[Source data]
* * * * * * *

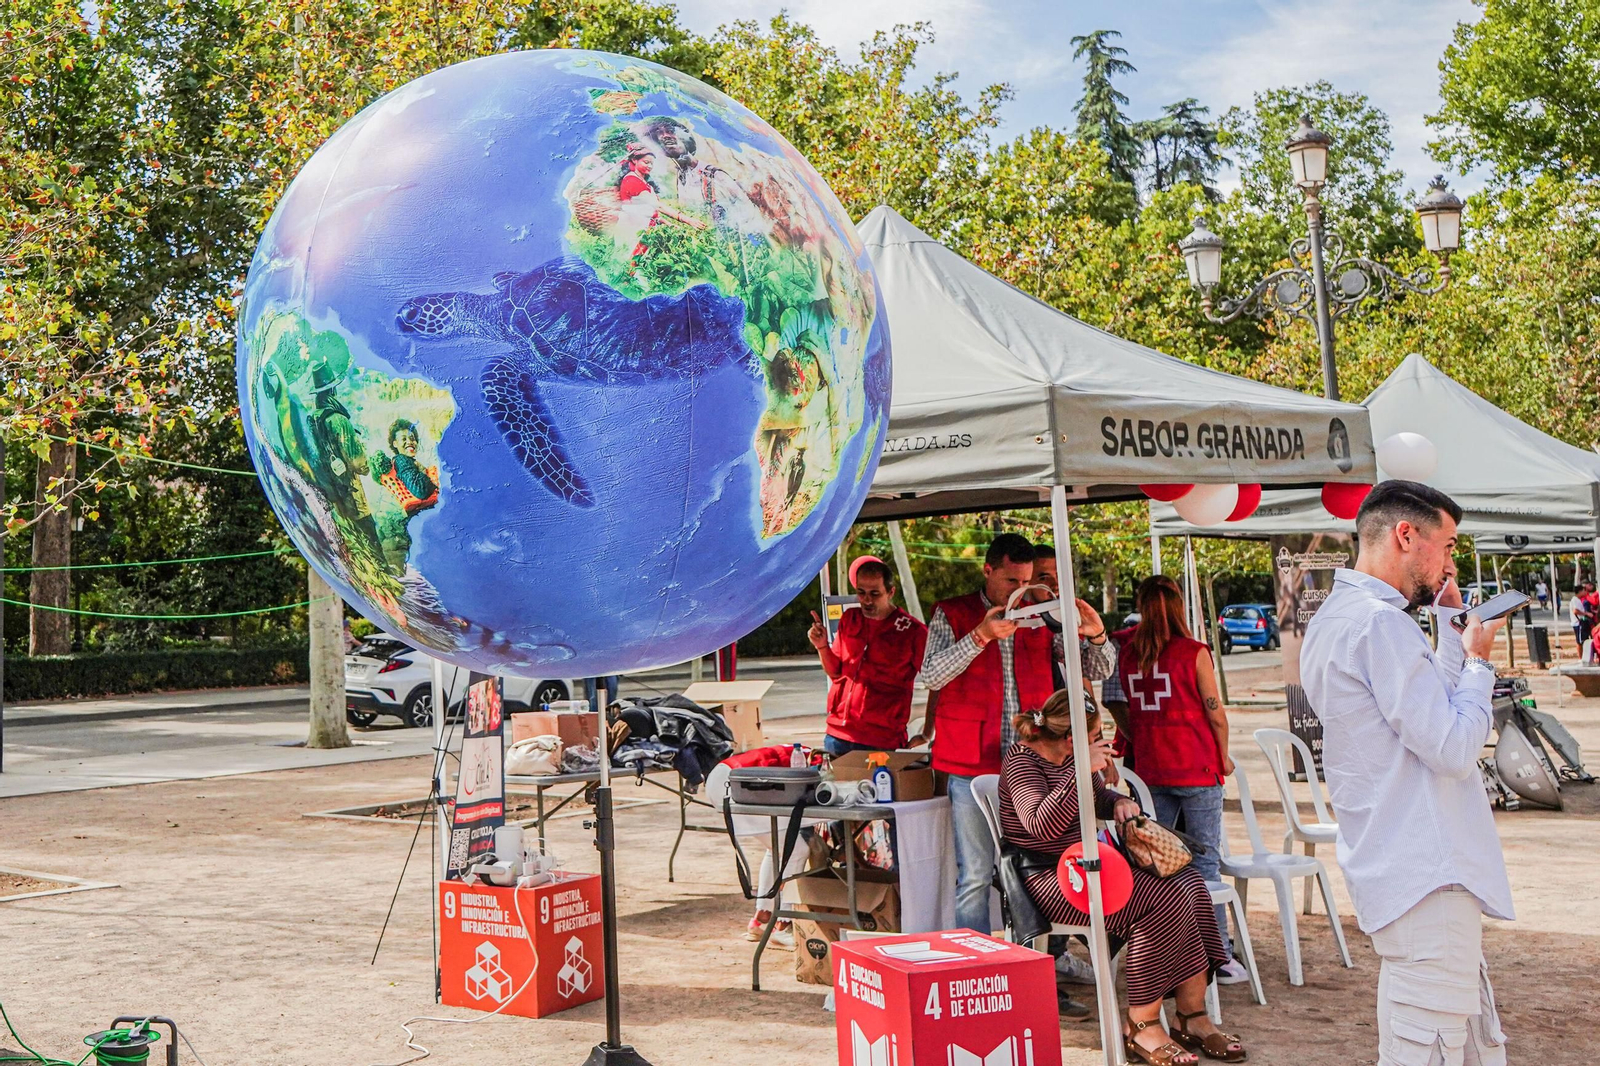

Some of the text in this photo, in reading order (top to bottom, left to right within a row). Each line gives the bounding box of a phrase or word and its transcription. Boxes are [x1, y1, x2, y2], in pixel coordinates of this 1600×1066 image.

[883, 434, 973, 452] NADA.ES
[1101, 416, 1305, 461] SABOR GRANADA
[1302, 590, 1328, 600] cursos
[444, 891, 456, 919] 9
[461, 892, 501, 910] INDUSTRIA,
[540, 896, 550, 925] 9
[585, 900, 590, 912] E
[461, 906, 510, 923] INNOVACIÓN E
[461, 920, 528, 939] INFRAESTRUCTURA
[838, 957, 848, 994] 4
[850, 963, 883, 990] EDUCACIÓN
[949, 973, 1009, 998] EDUCACIÓN
[851, 980, 886, 1010] DE CALIDAD
[924, 982, 942, 1020] 4
[950, 994, 1013, 1017] DE CALIDAD
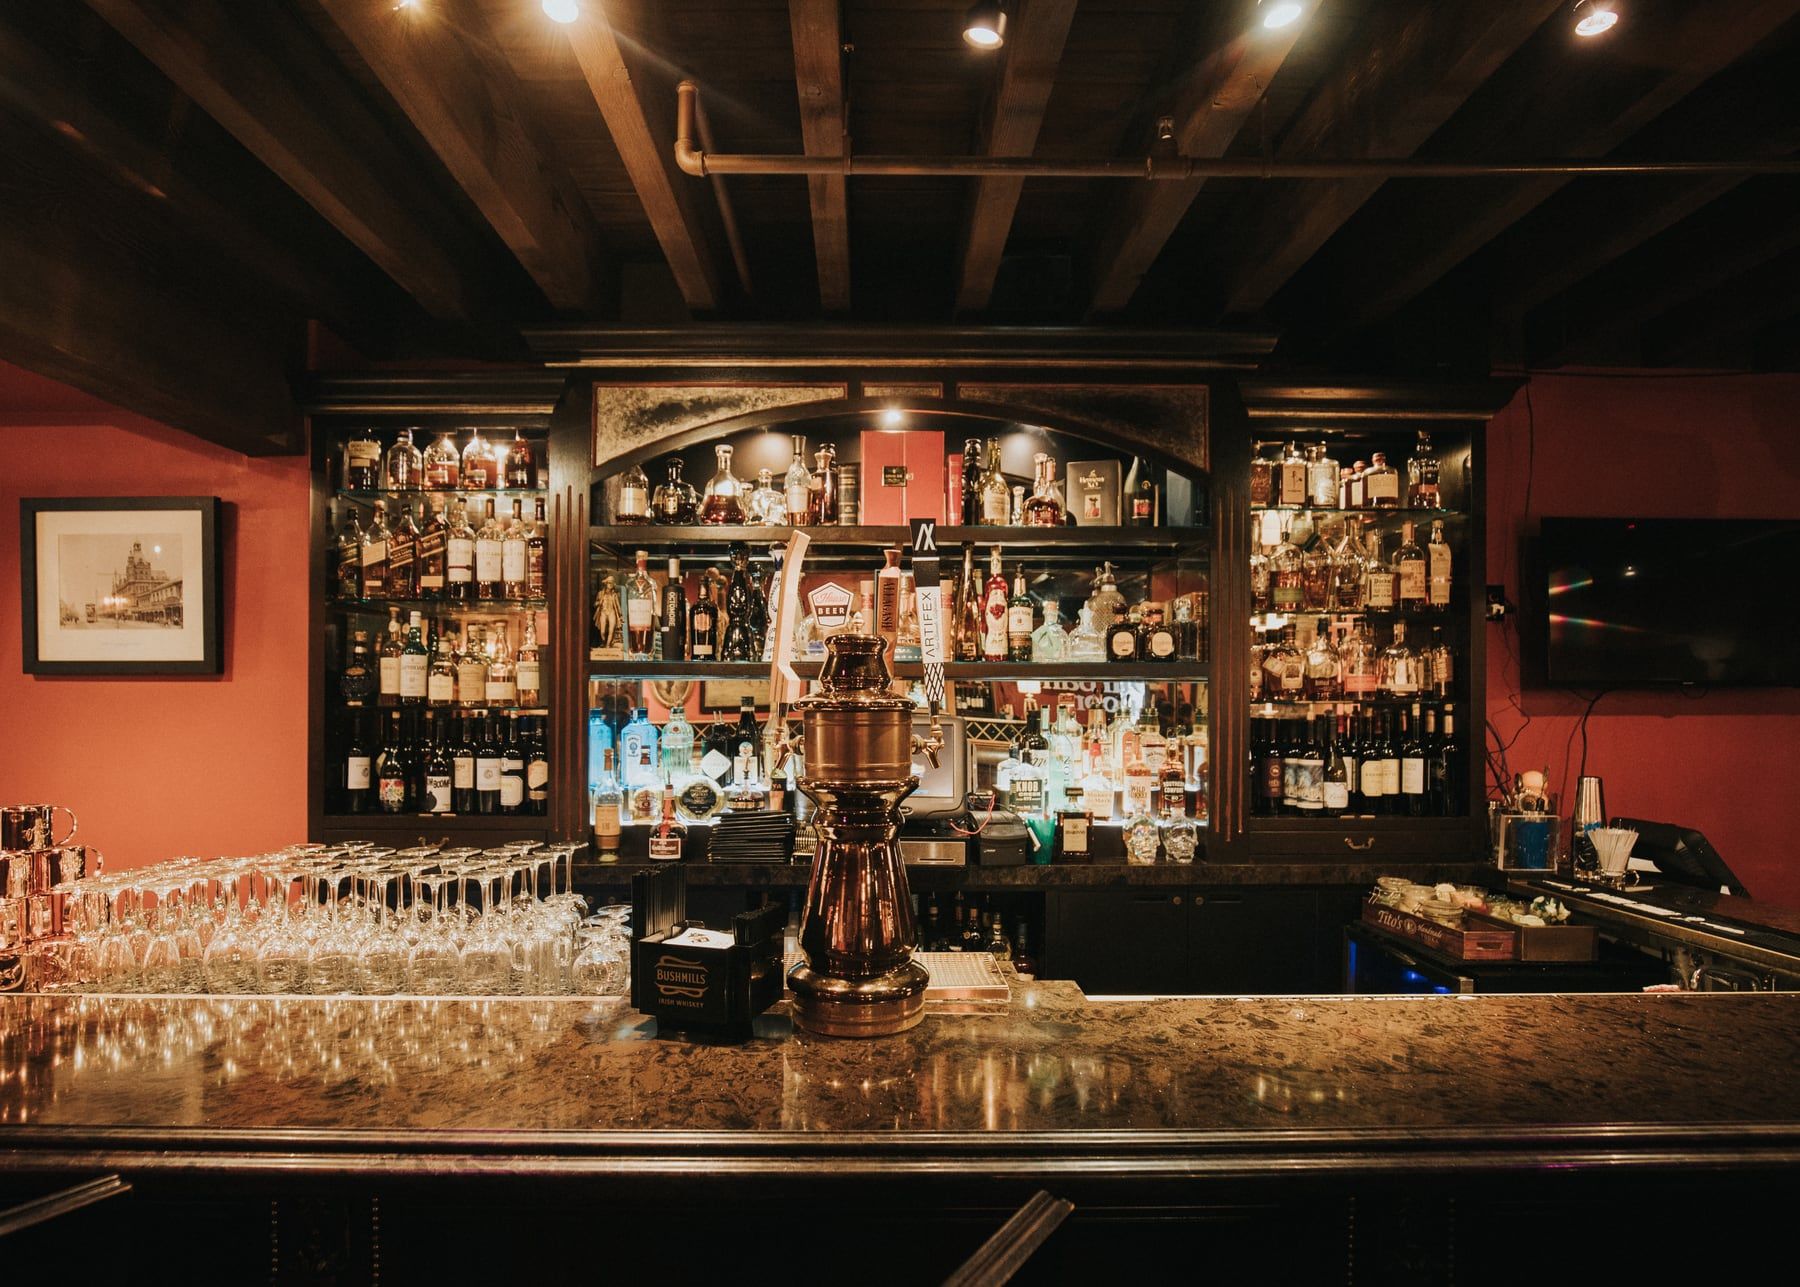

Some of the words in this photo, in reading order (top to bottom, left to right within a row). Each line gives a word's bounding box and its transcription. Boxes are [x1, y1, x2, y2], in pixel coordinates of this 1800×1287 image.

[817, 607, 845, 615] BEER
[882, 582, 895, 630] ALLAGASH
[921, 591, 936, 658] ARTIFEX
[1016, 781, 1039, 792] KNOB
[1378, 910, 1402, 930] Tito's
[657, 969, 706, 984] BUSHMILLS
[658, 997, 675, 1006] IRISH
[676, 999, 705, 1008] WHISKEY
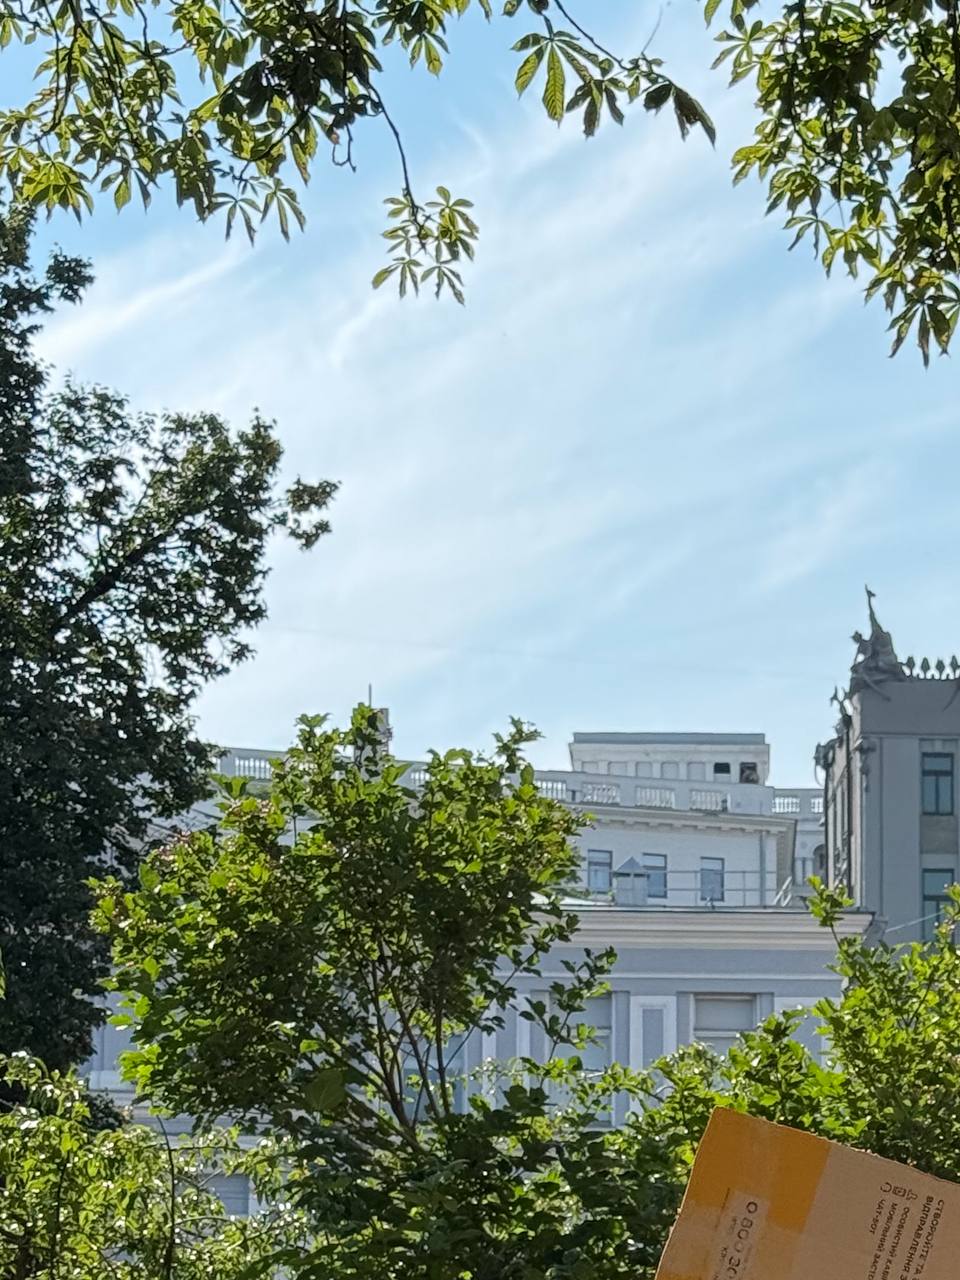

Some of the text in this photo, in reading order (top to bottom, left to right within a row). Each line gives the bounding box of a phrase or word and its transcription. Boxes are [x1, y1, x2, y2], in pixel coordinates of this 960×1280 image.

[746, 1201, 757, 1213] 0
[868, 1198, 886, 1235] ЧАТ-БОТ
[901, 1195, 934, 1273] ВІДПРАВЛЕННЯ
[918, 1198, 945, 1261] СТВОРЮЙТЕ
[913, 1262, 925, 1275] ТА

* * * * * * *

**How to complete this task**
Copy out exactly the lines running from the line with "this 960×1280 image." to the end of the records, inclusive.

**Task result**
Some of the text in this photo, in reading order (top to bottom, left to right within a row). Each line gives the bounding box of a phrase or word and its transcription. Boxes are [x1, y1, x2, y2], in pixel coordinates of this 960×1280 image.

[746, 1201, 757, 1213] 0
[868, 1198, 886, 1235] ЧАТ-БОТ
[901, 1195, 934, 1273] ВІДПРАВЛЕННЯ
[918, 1198, 945, 1261] СТВОРЮЙТЕ
[913, 1262, 925, 1275] ТА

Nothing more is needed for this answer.